[Requirement]
Write the data out in full and word for word. Do not include images.

-------

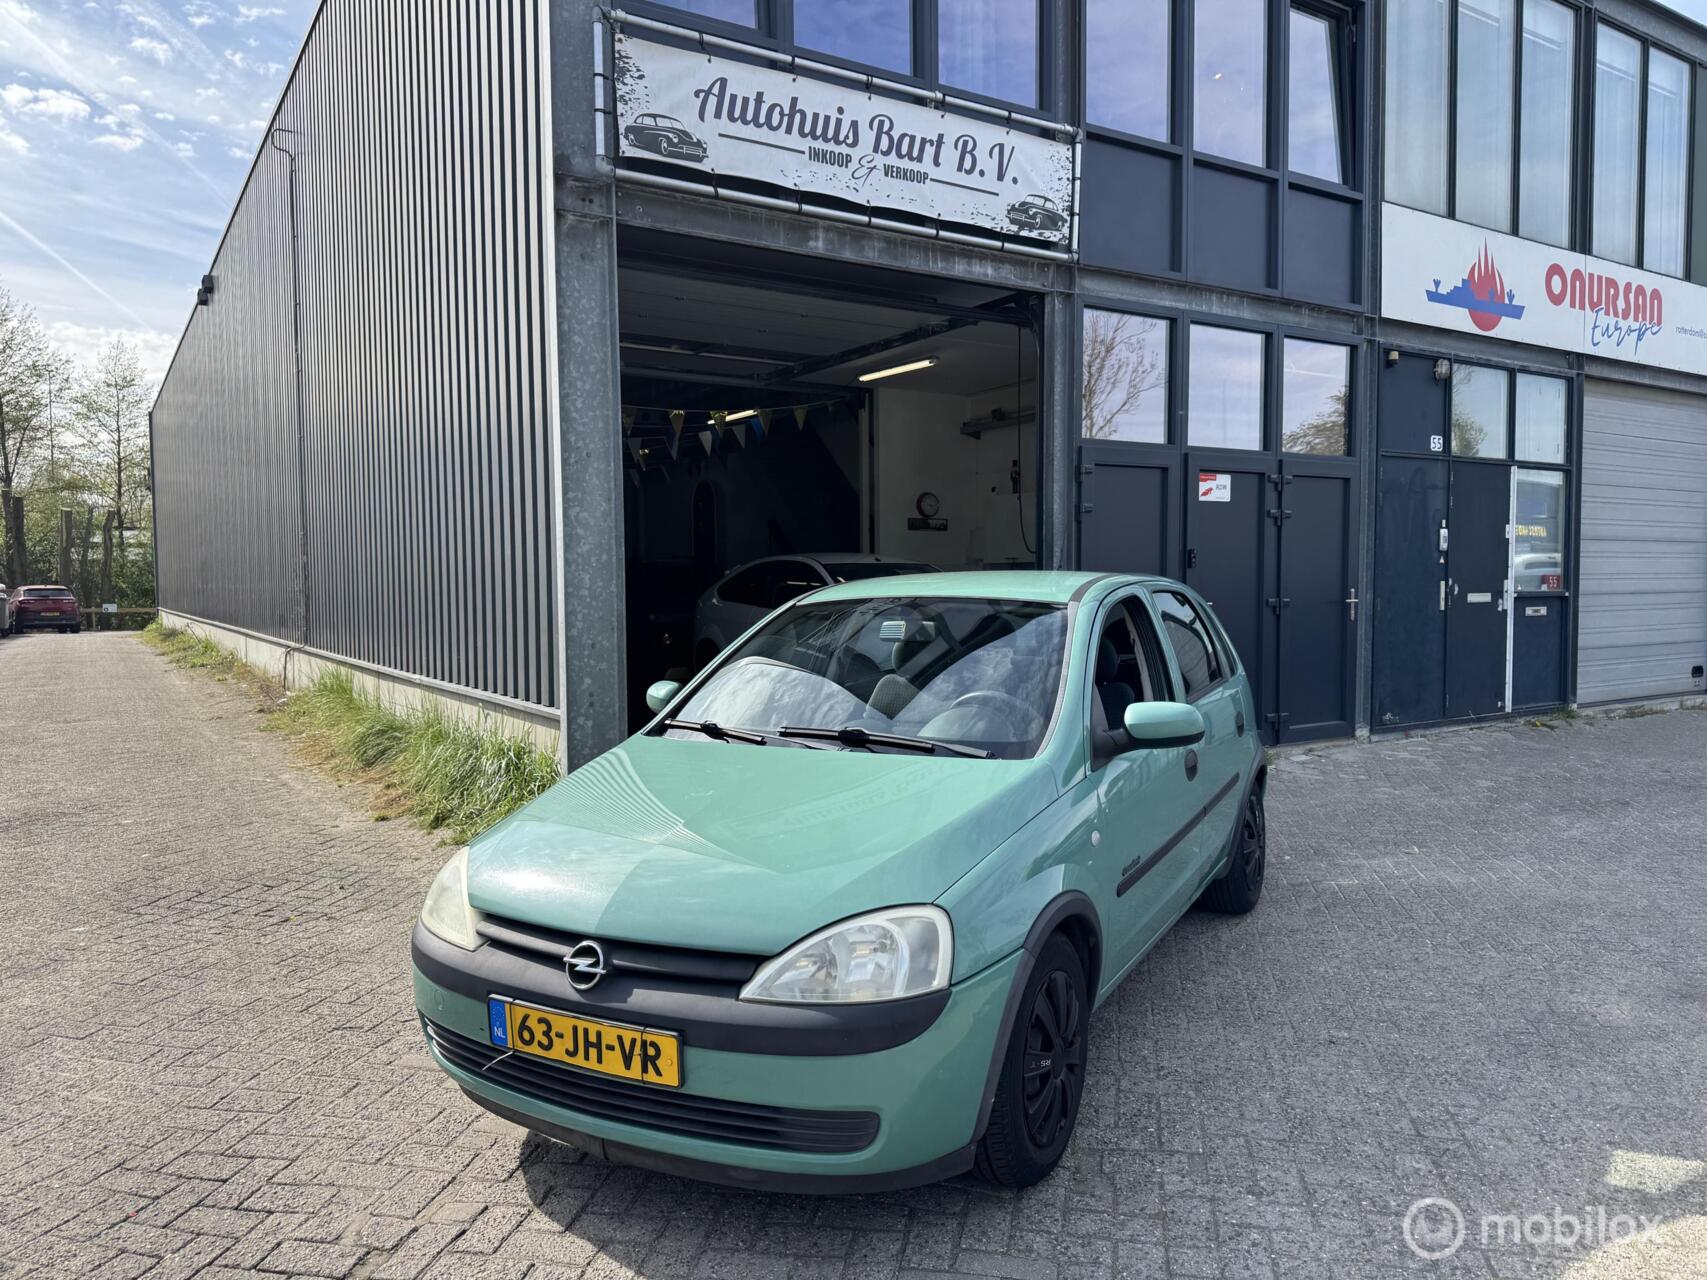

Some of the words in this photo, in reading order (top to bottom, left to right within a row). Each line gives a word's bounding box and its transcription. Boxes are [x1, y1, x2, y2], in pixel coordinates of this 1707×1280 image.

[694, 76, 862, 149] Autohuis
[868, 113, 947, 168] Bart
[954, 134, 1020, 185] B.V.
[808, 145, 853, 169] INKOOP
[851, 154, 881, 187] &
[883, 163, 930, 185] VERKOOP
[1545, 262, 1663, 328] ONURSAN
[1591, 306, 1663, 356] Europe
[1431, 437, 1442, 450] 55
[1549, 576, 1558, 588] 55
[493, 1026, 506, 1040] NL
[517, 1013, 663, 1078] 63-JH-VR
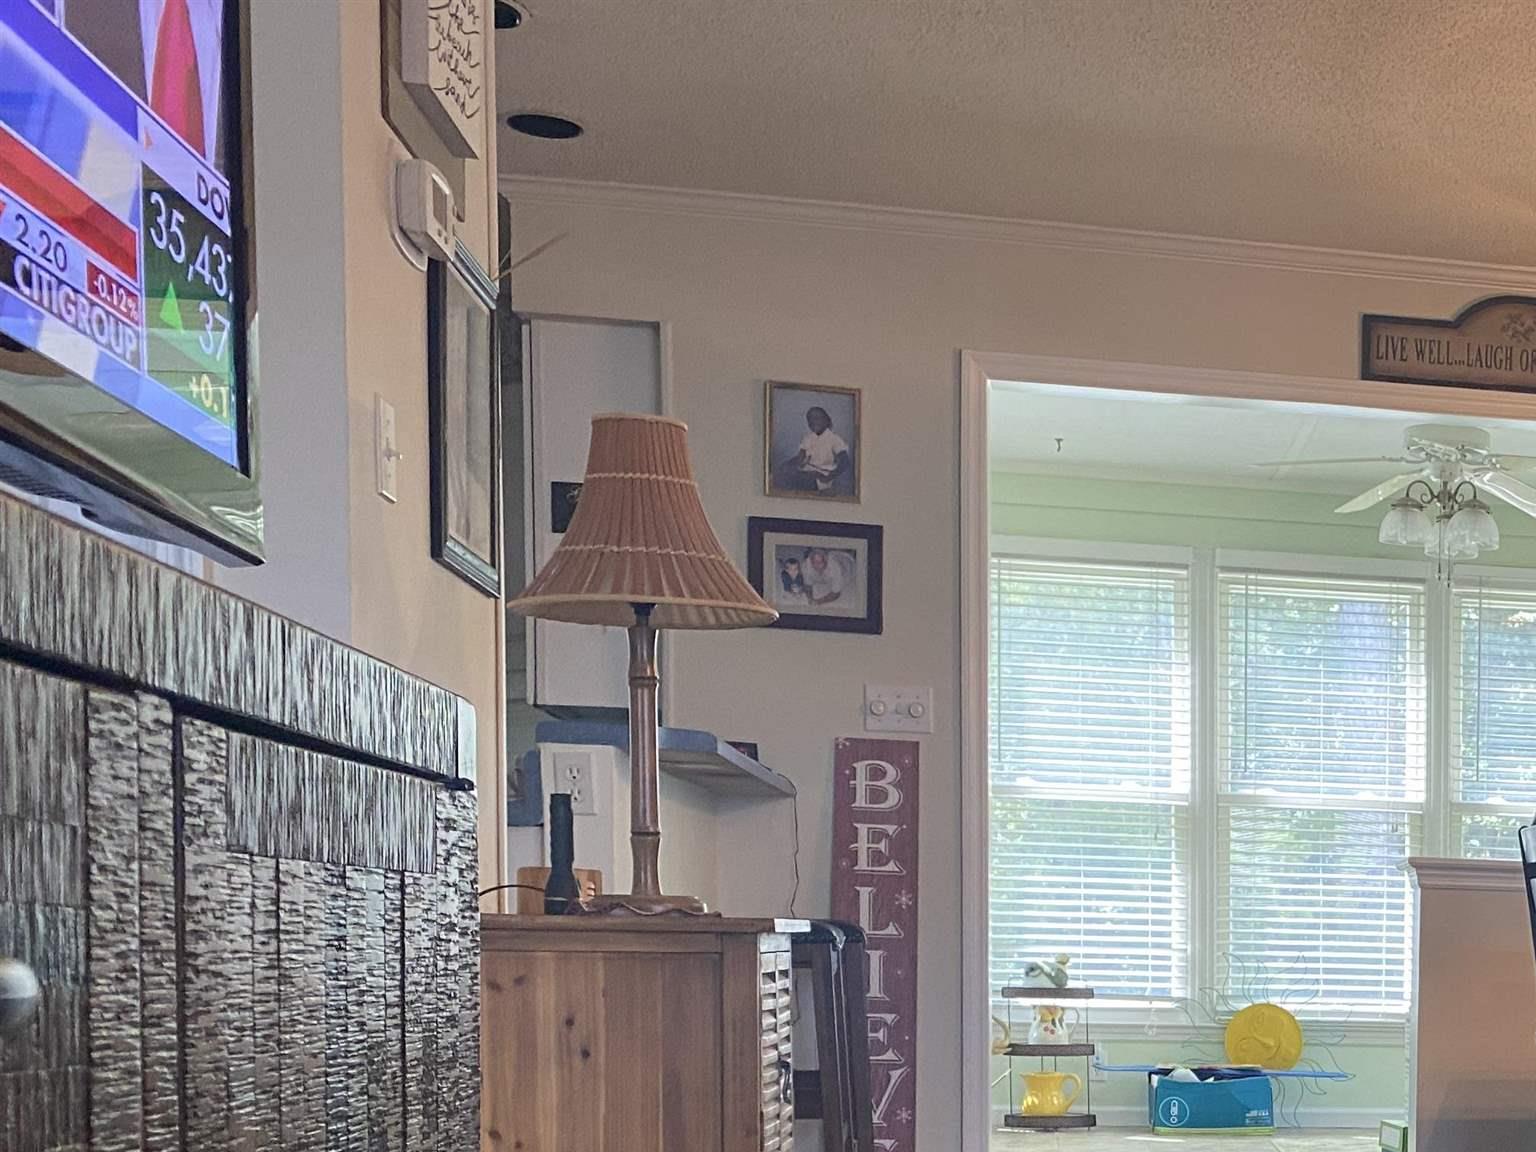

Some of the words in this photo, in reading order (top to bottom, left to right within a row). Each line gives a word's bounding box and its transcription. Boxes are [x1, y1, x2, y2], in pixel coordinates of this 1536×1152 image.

-------

[Answer box]
Some of the words in this photo, in reading order (top to bottom, left to right within a row). Each line gives a word's bounding box and its transcription. Boxes are [x1, y1, x2, y2], in pixel coordinates of this 1707×1280 image.

[694, 76, 862, 149] Autohuis
[868, 113, 947, 168] Bart
[954, 134, 1020, 185] B.V.
[808, 145, 853, 169] INKOOP
[851, 154, 881, 187] &
[883, 163, 930, 185] VERKOOP
[1545, 262, 1663, 328] ONURSAN
[1591, 306, 1663, 356] Europe
[1431, 437, 1442, 450] 55
[1549, 576, 1558, 588] 55
[493, 1026, 506, 1040] NL
[517, 1013, 663, 1078] 63-JH-VR

Some of the words in this photo, in reading order (top to bottom, left to right within a row). Each line gives a word's bounding box and its transcription. Boxes are [x1, y1, x2, y2], in pixel coordinates of this 1536×1152 image.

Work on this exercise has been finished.